コールバーグが正義の原則が理解できていると評価したのは、男の子のほうである。法律のもつ秩序維持機能を理解していながら、生命の尊重という普遍的かつ論理的な正義に基づいた回答をしたからだ。この回答に比べると、女の子の回答はコミュニケーションに依存した不確実なもので、道徳性や法律の概念について体系的に考えることができておらず、男の子よりも道徳の成熟度において一段階低いところあると評価された。
ほんとうに女の子の回答は劣っている? ギリガンは、コールバーグの評価に疑義をさしはさむ。彼女は未熟なのではなく、コールバーグの考える道徳概念の外側でジレンマをとらえているのではないか、とギリガンは問いかける。女の子はジレンマの登場人物を権利の対立者ではなく、お互いに依存し合うネットワークのメンバーとみている。この女の子とって、道徳の問題とは「生命>財産」というように論理で一義的に解決するものではなく、ほころびたネットワークをケアで修復することで解決するものだ。したがって最適な解決策は、コミュニケーションを丁寧にとることで、そのつど導かれると考える。ギリガンは、正義の倫理からは不確実であるとして無視されてしまうこのような女の子の考え方に、「ケアの倫理」の中核となる見識を見出した。
従来の道徳と「ケアの倫理」の違いは?
このエピソードを読んで、真っ先に思い出したのが、小学生時代の我が子が受けた、ある道徳の授業である。題材となった「手品師」 のあらすじは次のようなものだ。
大舞台に立つことを夢見て道ばたで手品をする貧しい手品師は、母親が働きに出て帰ってこないという母子家庭の少年に手品を見せて喜ばせる。少年から明日も来てくれるかと問われ、必ず来ると答える手品師。しかしその夜、手品師のもとに友人から明日の大劇場での代打を急遽お願いしたいという電話がかかってくる。出世する千載一遇のチャンス。さあ、手品師は大舞台と少年との約束、どちらを選ぶべきか?
この授業を受けた日、長女は納得いかないと不満を爆発させた。「子供との約束をとるか自分の出世を取るかって、そんな極端な二択でなくていい と思うんだよ。だから事情を説明する置手紙を置いて子供をサーカスに招待するって答えた。そしたら先生に両方救うことはできないって言われた! なんで? どっちも救えるのに。明日のパンにも困ってる状況なんでしょ。親友が主人公のことを思ってチャンスくれてんでしょ。

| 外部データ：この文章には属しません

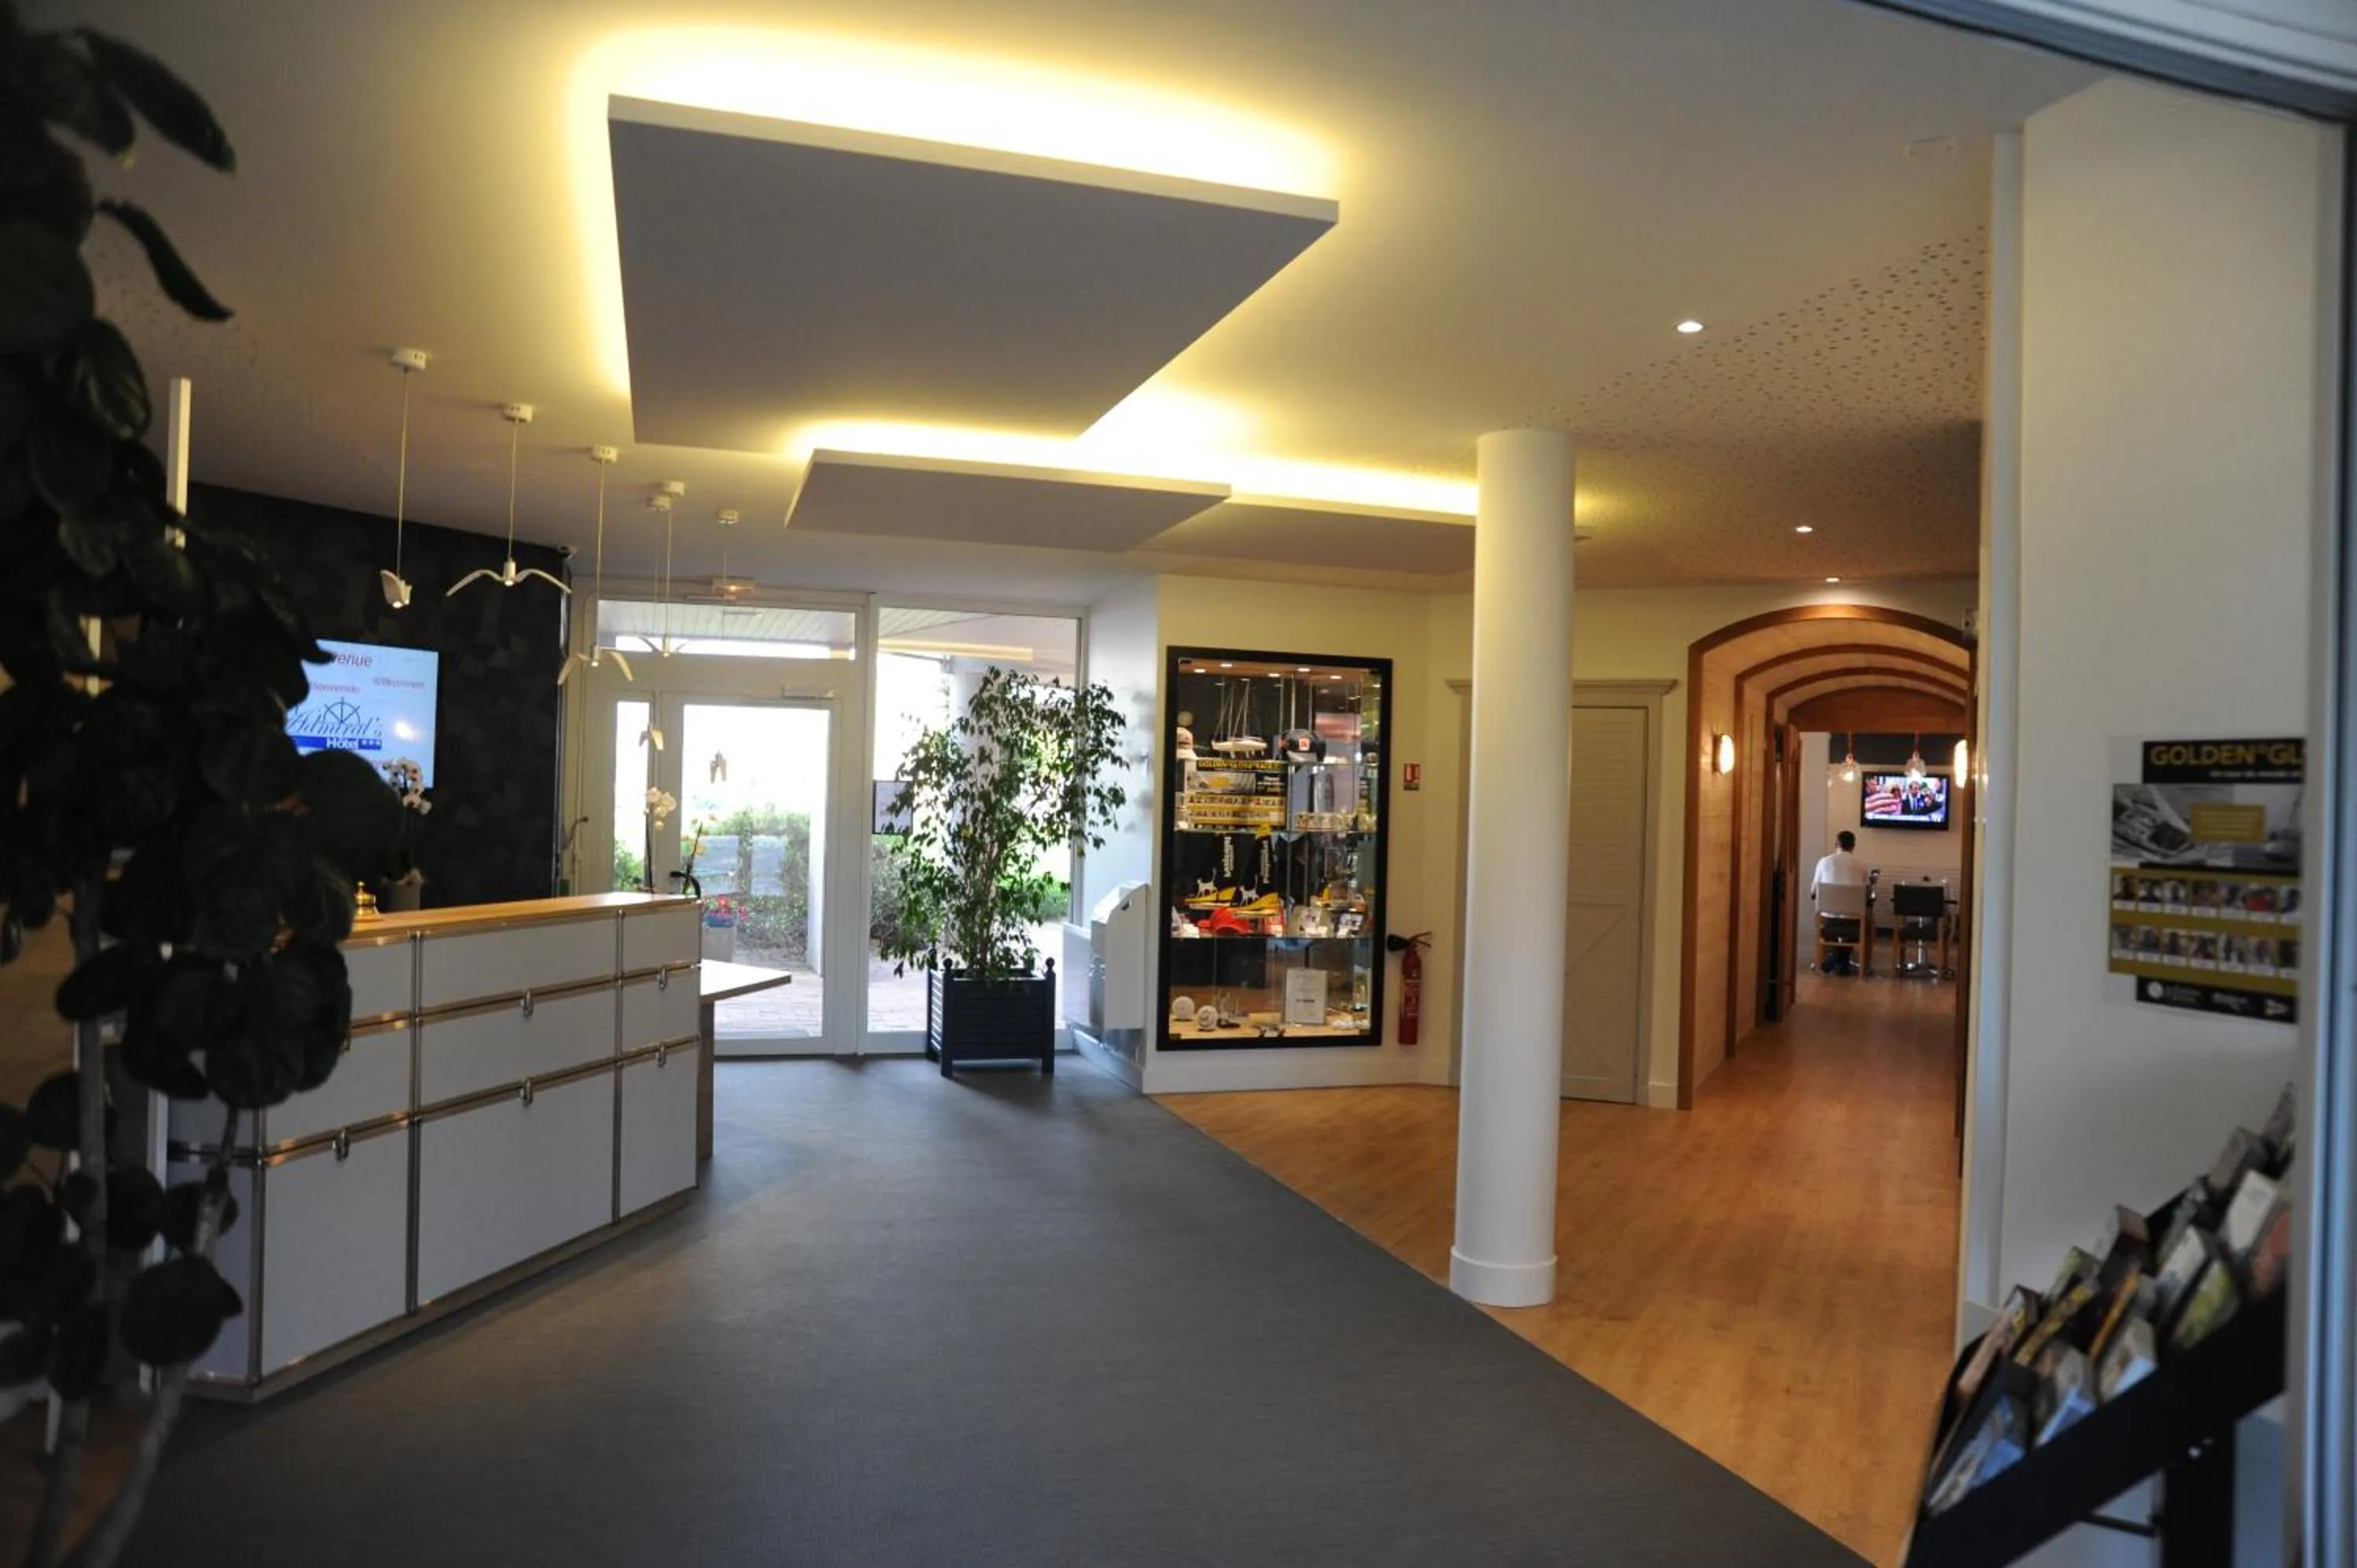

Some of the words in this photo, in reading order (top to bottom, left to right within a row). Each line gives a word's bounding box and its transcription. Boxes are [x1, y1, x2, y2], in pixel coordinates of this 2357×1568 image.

[331, 653, 373, 668] venue
[2150, 744, 2256, 766] GOLDEN
[2267, 742, 2303, 765] GL

だったら出ろよー手品師ー! 長期的な目で見れば大舞台を選ぶべきだよー。孤独死したら男の子悲しむよー」
先生が「両方を救っちゃダメ」と言わざるをえないのはわかる。「手品師」はそもそも、文科省が定めた道徳の内容項目のうちのひとつ「正直、誠実」を教えるための題材だからだ。いくら議論させようが、先生が内心どう思っていようが、正解は「少年との約束を選ぶ」一択だ。先生は子供たちの答えを、国が考える唯一の正解に誘導するよりほかない。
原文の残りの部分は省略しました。